Unmarried mother and 10 children with no father(s)

145 replies

Hmmph · 18/08/2020 19:21

I have been researching my family tree.

I have a lady in it who was not married and had 10 children. None of the children have a father in the birth certificates. They were born either side of 1900 and fairly regularly.

Any ideas what this is??

OP posts:
mintbiscuit · 18/08/2020 20:05

Have you looked at baptism records? Also any ‘lodgers’ listed on census records?

Aroundtheworldin80moves · 18/08/2020 20:06

Complete guesswork here...
Any brothers or male cousins with same surname listed as single in same time period? So to society they were 'man and wife' but not legally due to incest? Not saying this is the case at all by the way.

Other guess would be local lord of the manor or son of said lord keeping a mistress.

MyOtherProfile · 18/08/2020 20:06

Maybe she ran some kind of baby rescue service and didn't actually give birth to them all.

MsTSwift · 18/08/2020 20:07

I listened to very interesting Victorian social history book “The Five” about Jack the Ripper victims not concentrating on the crimes but the lives of the women. Very interesting. Marriage and being “proper” was largely middle class working class couples who had limited resources would link up for mutual survival and support for a few years and have children so your relative may have been in one maybe two long term relationships but not bothered formalising by marriage.

Madcats · 18/08/2020 20:13

I spent a few hours looking at old censuses for my little street. I think a few transcripts/records weren't done as perfectly as others.

OP is it possible the "father" was in service or a sailor?

Hmmph · 18/08/2020 20:17

I will check regarding the eldest boy’s name and if he had a middle name...

It appears she gave birth to them- she is on the birth certificate. No father.

She does have a lot of brothers. I will check if they were single (yuk, yuk, yuk).

There are no lodgers listed.

She also lived in a very rural area- very small hamlet.

OP posts:
Purpledaisychain · 18/08/2020 20:17

Working on a farm would have kept the food bill down I suppose. Maybe she took in the kids of relatives (with the same surname) that had died and this wasn't translated accurately?

ladycarlotta · 18/08/2020 20:35

if she is working class, as it sounds, then yes there was a bit less stigma - the mores we associate with the Victorian period are often rather prescriptive, the way people would like the world to be rather than as it really was. And the poor got on with things a bit more. Often working class couples only got married once the woman got pregnant.

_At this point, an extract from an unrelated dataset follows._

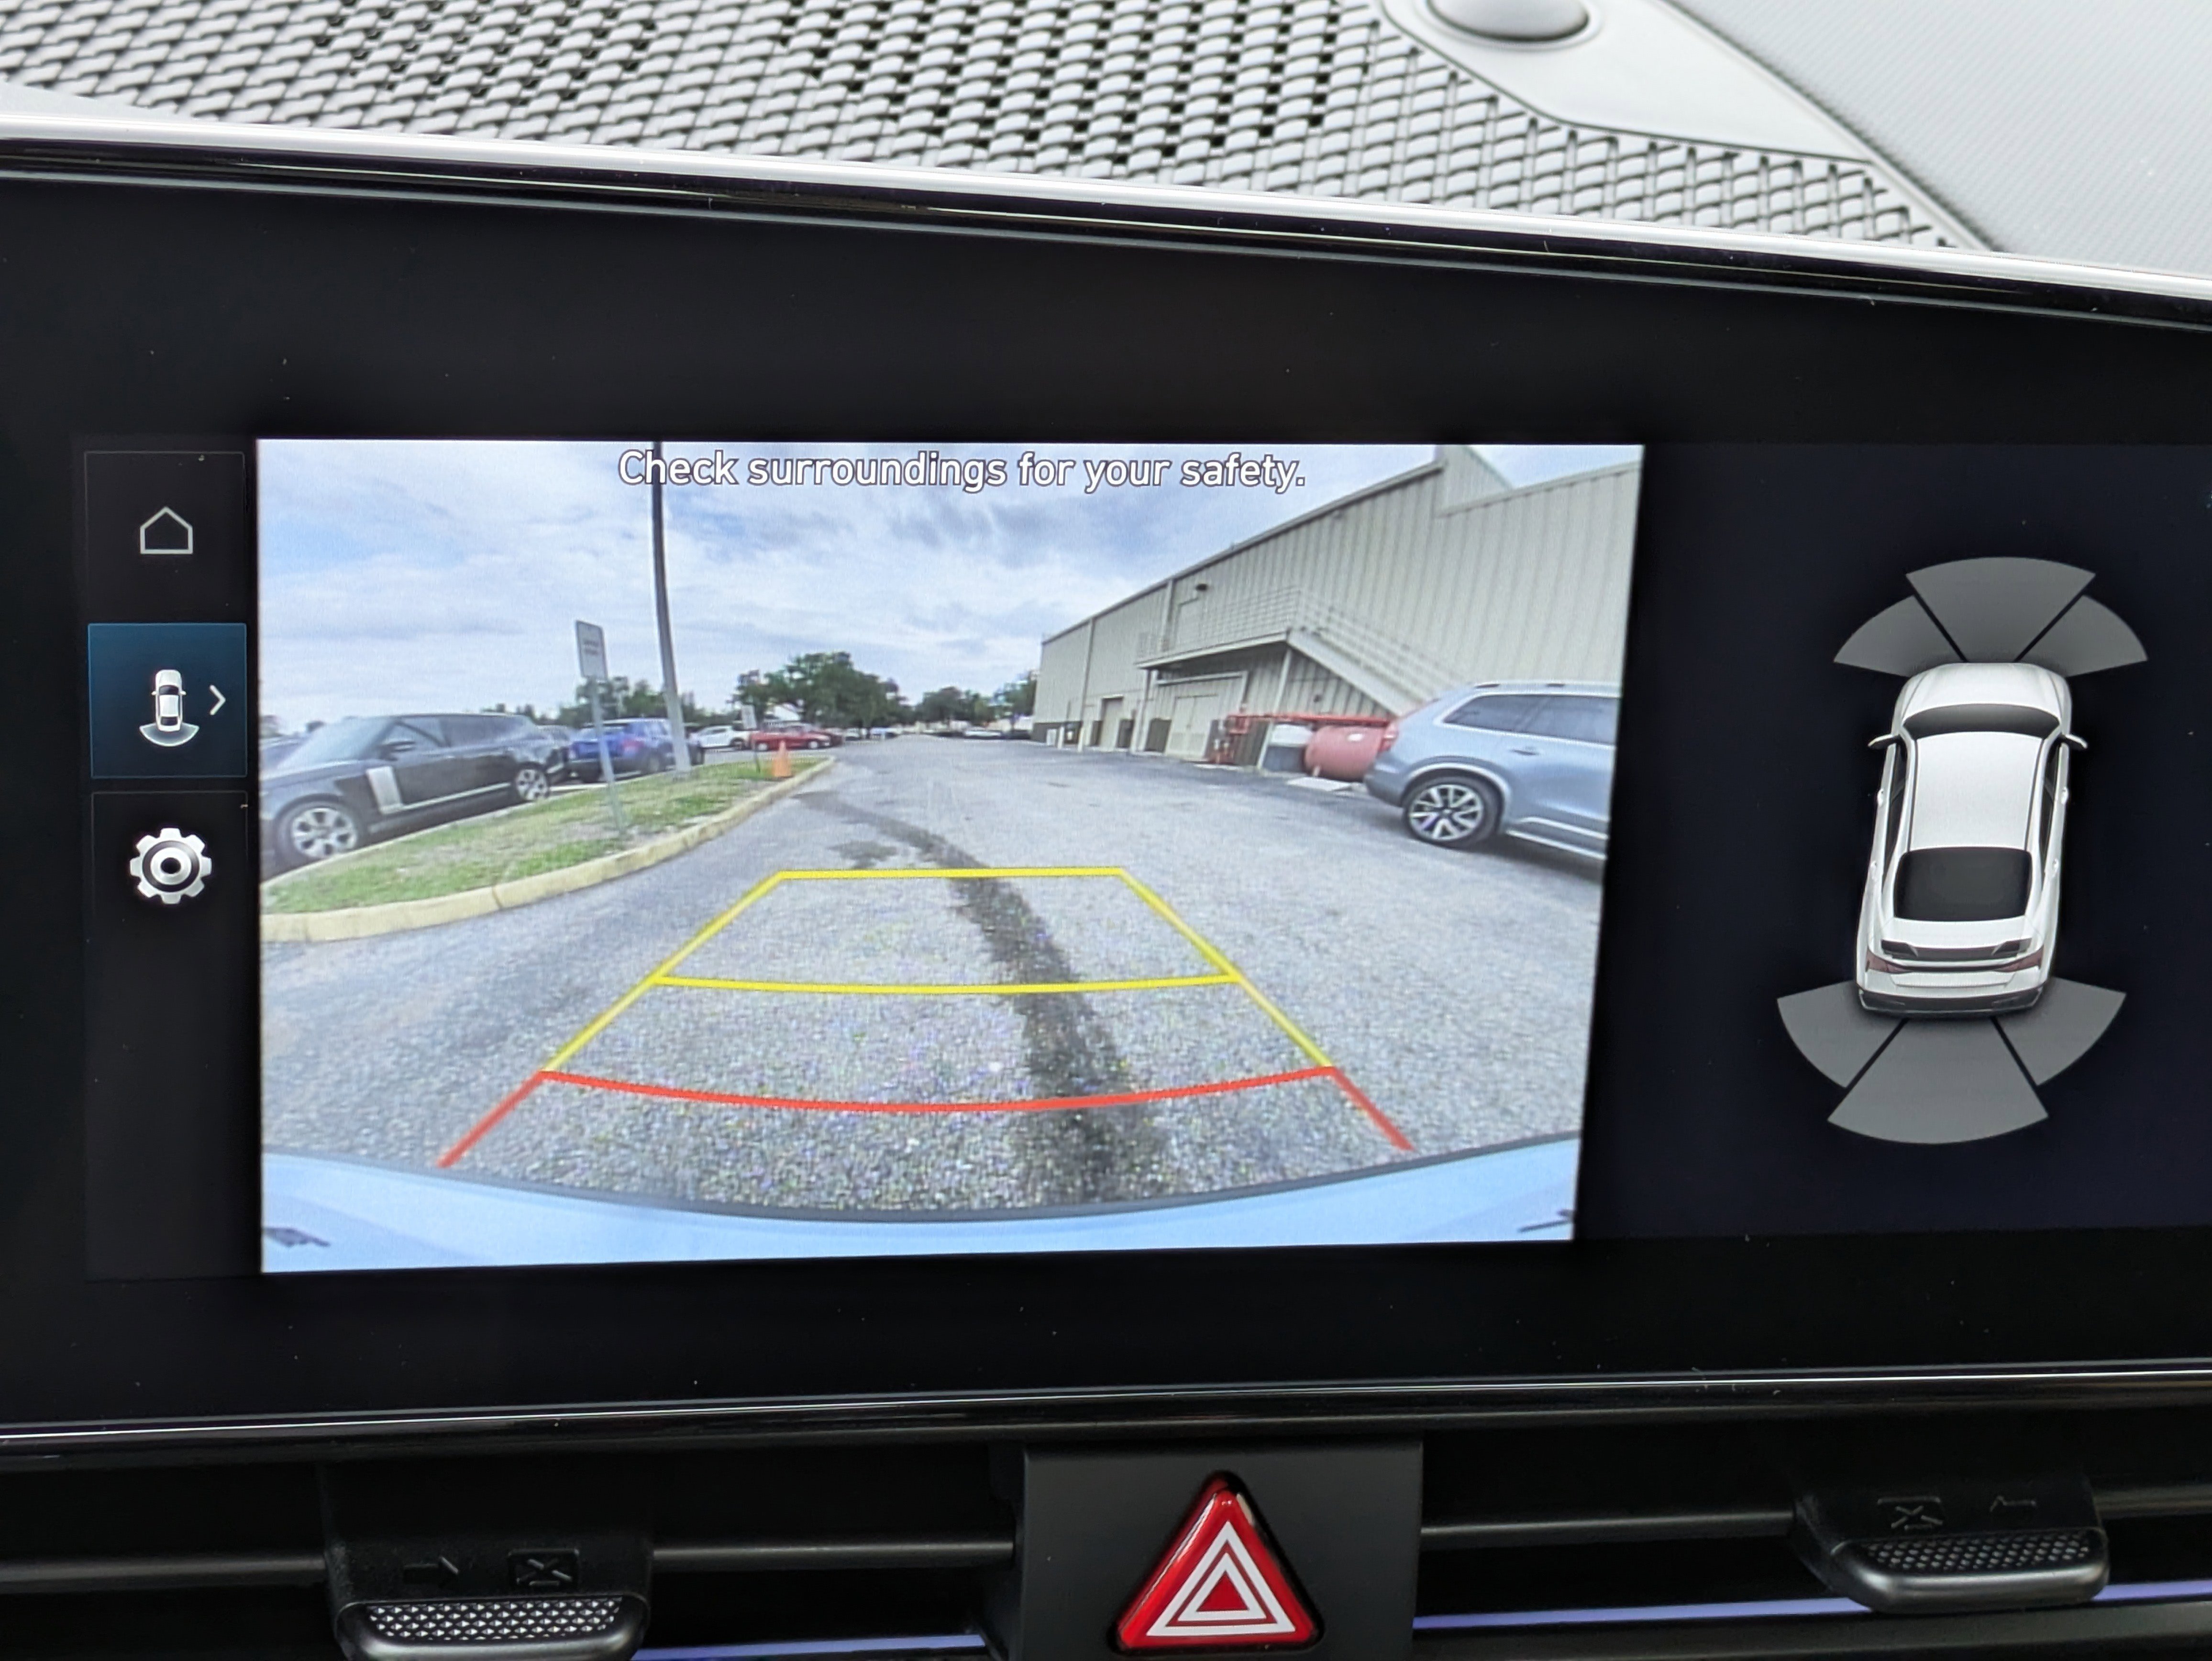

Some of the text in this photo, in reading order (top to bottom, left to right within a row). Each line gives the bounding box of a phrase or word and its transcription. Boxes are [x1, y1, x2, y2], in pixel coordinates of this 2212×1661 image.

[618, 449, 1306, 495] Check surroundings for your safety.

This said, I think it would be unusual for a woman to have so many children without any man around at all. I agree with PPs, there is probably a married man at the core of this. He could well have been estranged from his wife and living with your ancestor as a sort of common-law husband. Their neighbours may have had no idea they weren't married, or it could have been common knowledge. Either way, he had some obligation to officially appear on the census elsewhere, probably with his other family.

The children's middle names might give you a clue. Or you could see if you can find their wedding certificates, where they may mention a father although he was omitted from the birth certificate. From the censuses, can you see at what age the children go into employment? If they remained in school for a long time that might suggest that they have financial help, their mother couldn't have kept them home long on her income.

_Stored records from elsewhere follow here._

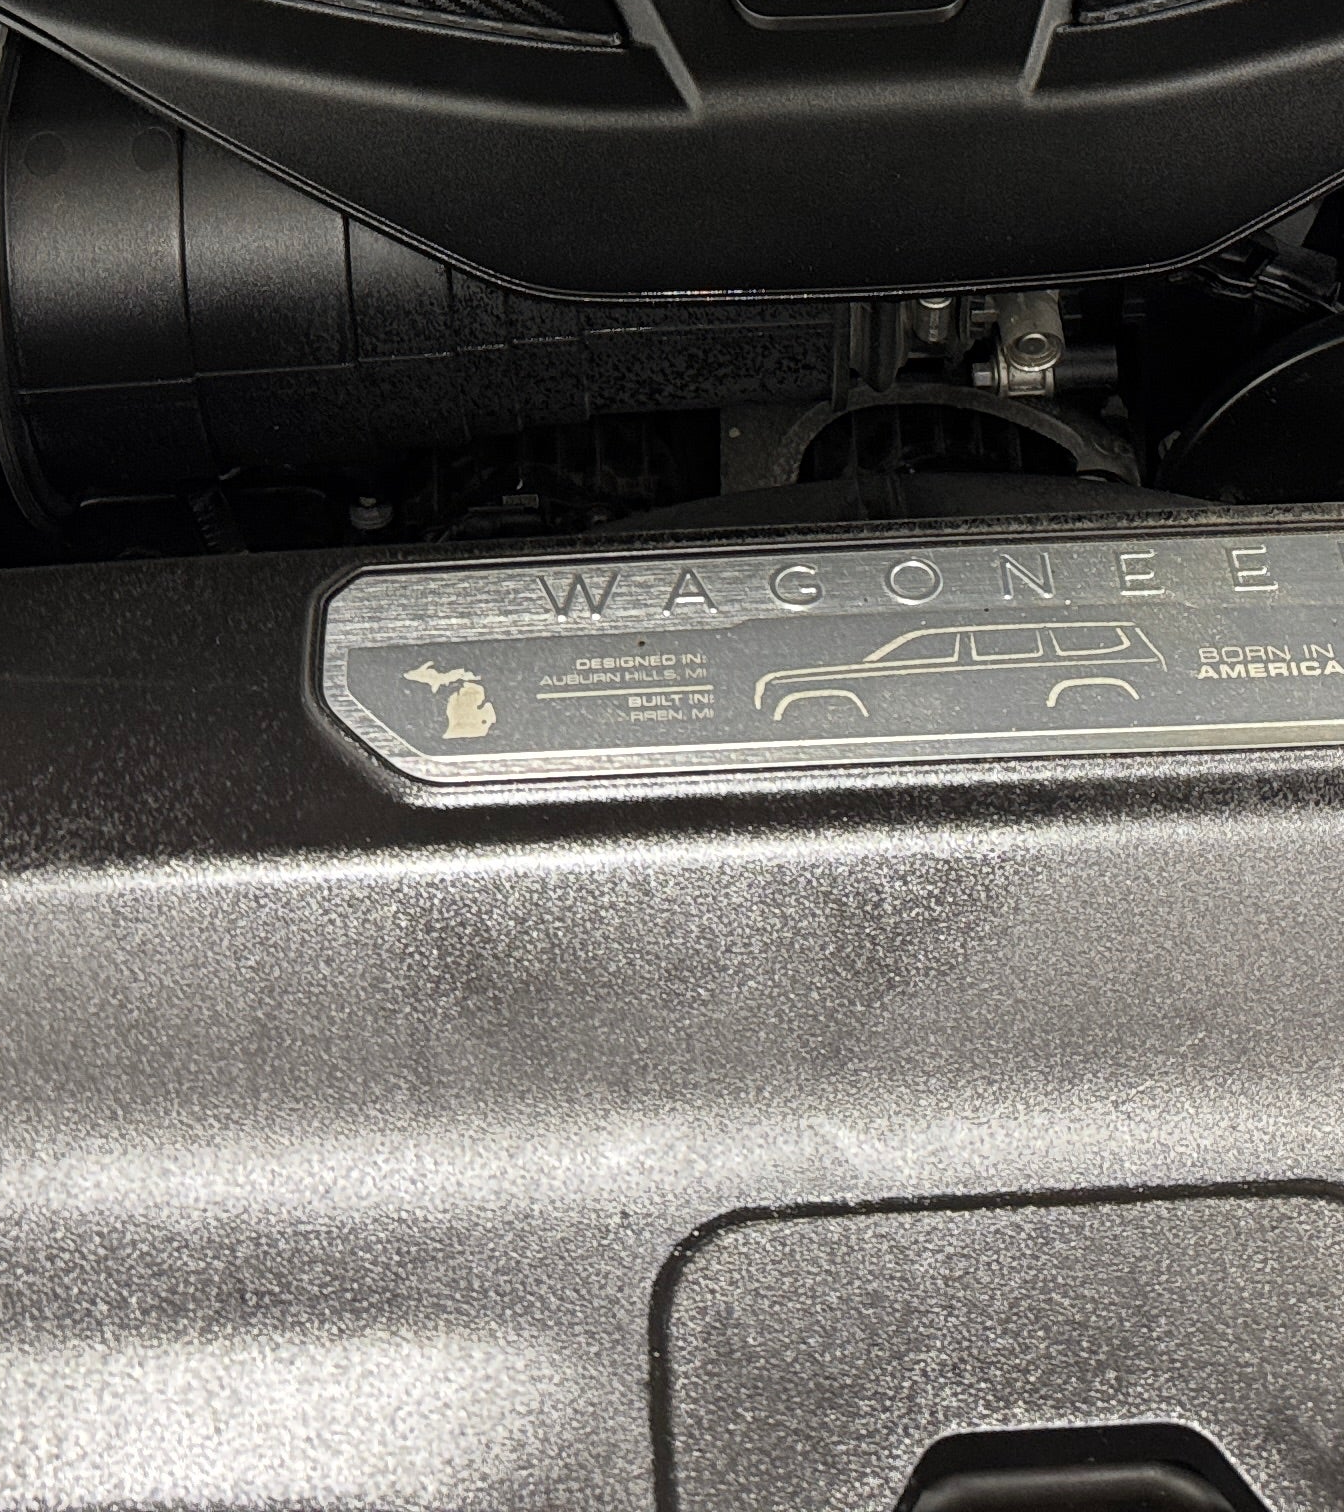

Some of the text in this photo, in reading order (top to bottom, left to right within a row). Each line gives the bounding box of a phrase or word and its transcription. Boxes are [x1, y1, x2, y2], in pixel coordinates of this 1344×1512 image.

[575, 652, 707, 670] DESIGNED IN:
[1198, 643, 1336, 664] BORN IN
[538, 667, 707, 687] AUBURN HILLS, MI
[627, 693, 715, 709] BUILT IN:
[691, 707, 715, 721] MI

caringcarer · 18/08/2020 20:36

Very interesting thread. Not in this case but some women not pregnant deliberately so they could be a wet.nurse. In some records females who recorded themselves as seamstress or maid could be prostitute. 10 children common with no contraception.

Dancingdeer77 · 18/08/2020 20:41

Hotel maid could be code for prostitution, more likely a married man somewhere given the regularity though. I’m fascinated by family history.

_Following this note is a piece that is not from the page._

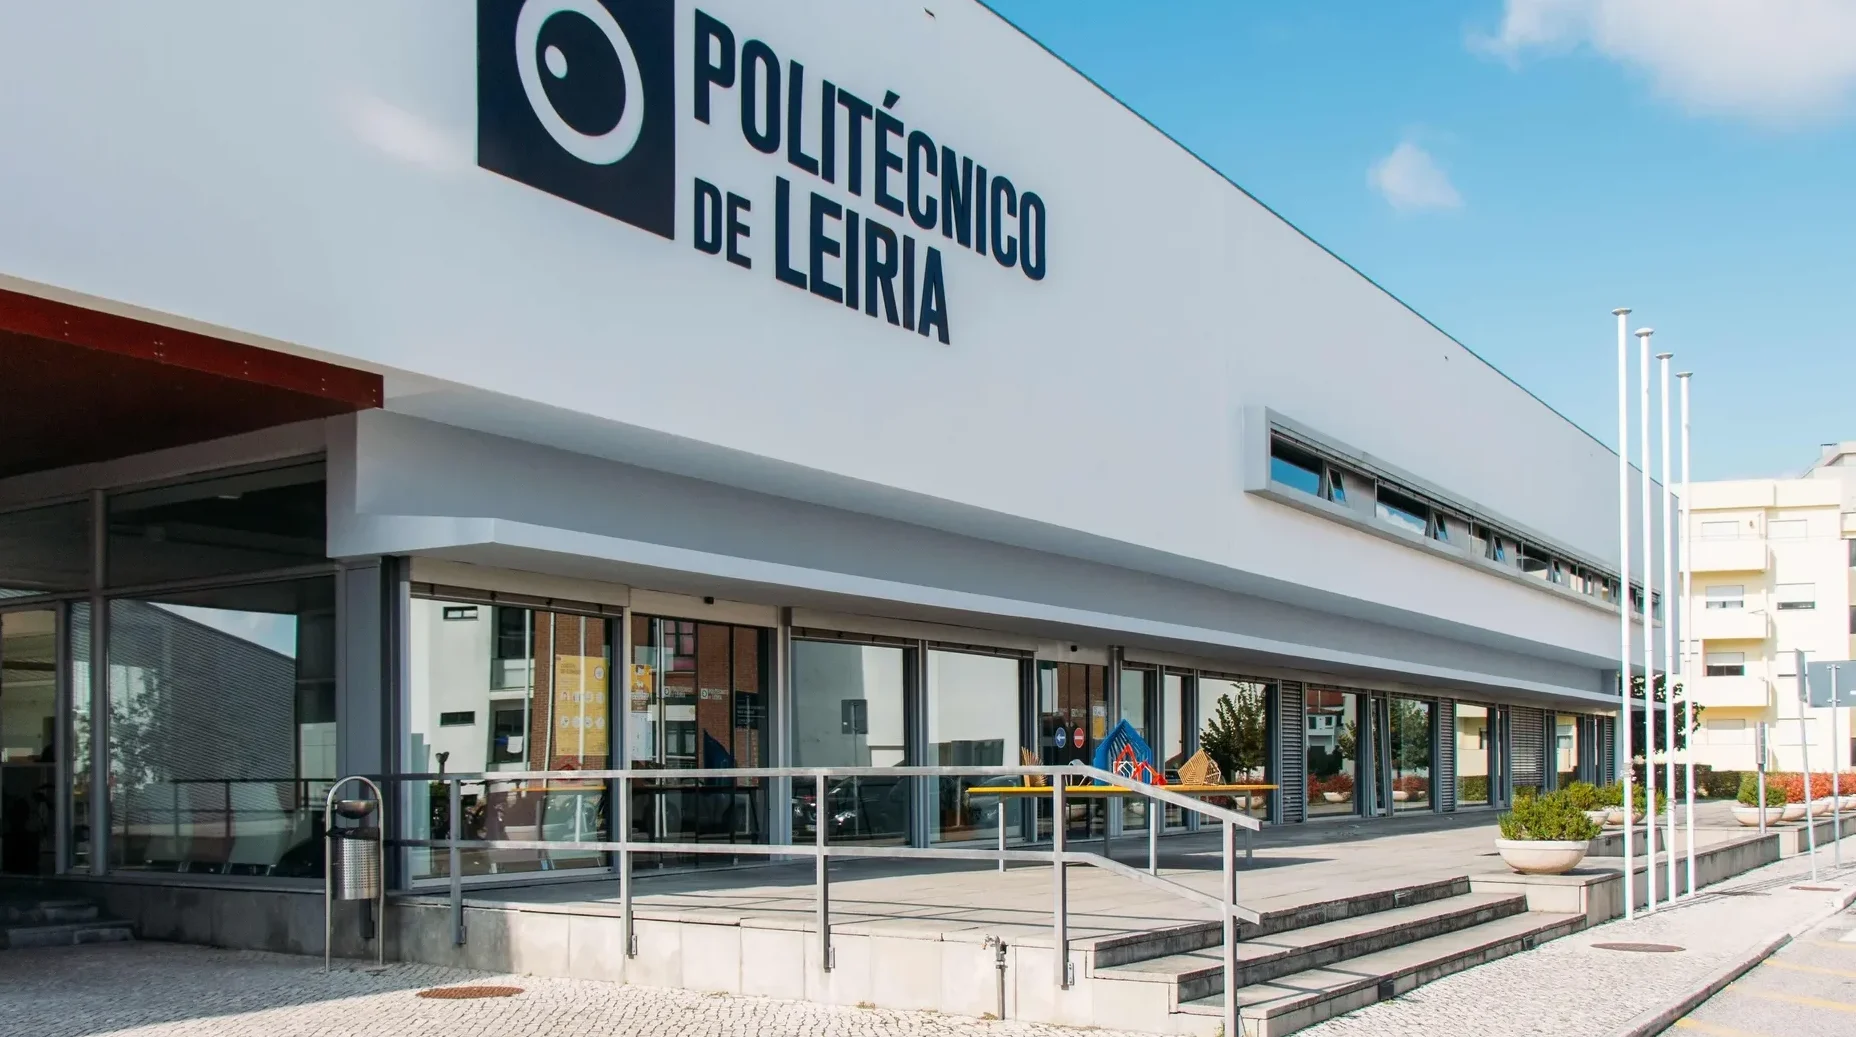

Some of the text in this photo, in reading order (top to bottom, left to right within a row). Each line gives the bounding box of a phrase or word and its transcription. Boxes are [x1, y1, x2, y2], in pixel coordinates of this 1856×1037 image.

motivationalpigoftraal · 18/08/2020 20:42

He could have been in service and living somewhere else or a travelling salesman.

UmmH · 18/08/2020 20:45

Could she have been affiliated to a religious minority whose marriages weren't officially recognised?

Hmmph · 18/08/2020 20:45

In 1901, she was 27 and living at her parents house with her parents (father is a farmer) with no job mentioned and the first 3 children. Eldest was 6.

By 1911, she was 38 and a hotel scullery maid and head of the household. She has 5 children listed, eldest is 12 and is still at school.

Father is not on marriage certificates of the children.

OP posts:
howlathebees · 18/08/2020 20:45

I’d guess she was with a married man

equuscaballus · 18/08/2020 20:49

My Gt gt grandmother was very similar, she had several children who I have no idea who the father was. She was from an incredibly poor farm labourer family.
I am lucky in that my gt gt G'father acknowledged his son as an adult.
proving that he wasn't/ didn't consider himself father to the others.

He was a wealthy man so I suppose a class barrier.

I feel very mean when I wonder if she was a prostitute or the village bike!

managedmis · 18/08/2020 20:55

How curious

How did she work and look after them all? Eldest kids looked after youngest? Still, 10 kids?!

Hmmph · 18/08/2020 21:01

Eldest son/child has the same name as her own father.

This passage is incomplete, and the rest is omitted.